God has pity on those who fear Him, but not on sinners who despise Him. To offend God because He shows us mercy, is to provoke Him in the highest degree to chastise us.
I. God has pity on those who fear Him but not on sinners who despise Him. To offend God because He shows us mercy is to provoke Him in the highest degree to chastise us.
Again, to offer an insult to God, because God is a forgiving God, is to deride Him; but God is not mocked (Gal. vi. 7).
The devil will say to you: "But who knows? Even with this other sin it may be that you shall yet be saved." But meanwhile, if you sin, you yourself may condemn your soul to hell. Who knows? It may be that as yet you shall be saved; but it may also happen, and more easily happen, that you may be lost. And is the affair of eternal Salvation to be risked on a who knows? If in the meantime death should come upon you! If God should abandon you after that other sin! What would then become of you?
No, my God, I will never more offend Thee. How many are now suffering in hell for fewer sins than mine? I will no longer be devoted to self, but will be Thine and entirely Thine. To Thee I consecrate my whole liberty and my will. I am thine; do thou save me (Ps. cxviii. 94). Save me from hell, but first save me from sin. I love Thee, my Jesus, I will never more forsake Thee.
The Fathers of the Church say that God has determined the number of sins He will forgive each one. Hence, as we know not this number, we ought to fear lest with every one more additional sin God should abandon us. This dreadful thought—Who knows whether God will any more pardon me?—ought to be a great restraint upon us and keep us from again offending God: with this fear we should be secure.
II. He who has been the more favoured by God with lights and graces ought to be the more afraid of being abandoned by Him. The Angelic Doctor says that the grievousness of sin increases in proportion to the ingratitude with which sin is committed. Woe, then, to the Christian who, after having been enriched with the graces of God, offends Him mortally!
O my Jesus, while Thou hast shown me numberless mercies, I have repaid them by multiplied offences! Thou hast bestowed favours upon me, and I, in return, have despised Thee! But now I love Thee with my whole heart, and I desire to make amends by my love for all the offences I have committed against Thee. Oh, do Thou enlighten and strengthen me!

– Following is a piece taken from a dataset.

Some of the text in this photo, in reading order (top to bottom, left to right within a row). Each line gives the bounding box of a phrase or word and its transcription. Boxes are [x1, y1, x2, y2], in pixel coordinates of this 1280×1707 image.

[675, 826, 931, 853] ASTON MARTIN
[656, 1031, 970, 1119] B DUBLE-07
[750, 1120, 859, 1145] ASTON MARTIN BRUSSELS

Sister Mary Strozzi says that "sin in a religious person strikes Heaven with horror, and obliges God to turn away from that soul."
He who has not a great dread of mortal sin is not far from falling into it. Hence it is necessary to fly from dangerous occasions as much as possible.

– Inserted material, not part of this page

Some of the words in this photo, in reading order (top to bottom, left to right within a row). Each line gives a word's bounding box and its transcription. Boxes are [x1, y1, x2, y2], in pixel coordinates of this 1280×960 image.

It is necessary also to fly from all deliberate venial sins. Father Alvarez used to say: "Little voluntary faults do not kill the soul, but they so weaken it that, when there comes a grievous temptation, it will not have strength to resist, and will fall."

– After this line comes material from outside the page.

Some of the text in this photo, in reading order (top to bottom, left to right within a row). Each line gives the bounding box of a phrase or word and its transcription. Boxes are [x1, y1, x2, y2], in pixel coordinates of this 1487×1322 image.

St. Teresa has written: "From wilful sin, however small it be, may God deliver us!" Because, as the Saint says, a deliberate venial sin does us more harm than all the devils in hell.
No, my Jesus, no, I will no more offend Thee; neither in great things nor in small. Thou hast done too much to oblige me to love Thee. I desire rather to die than to give Thee the least offence. Thou dost not deserve insult; but rather all my love, and I desire to love Thee with all my strength. Give me Thy assistance.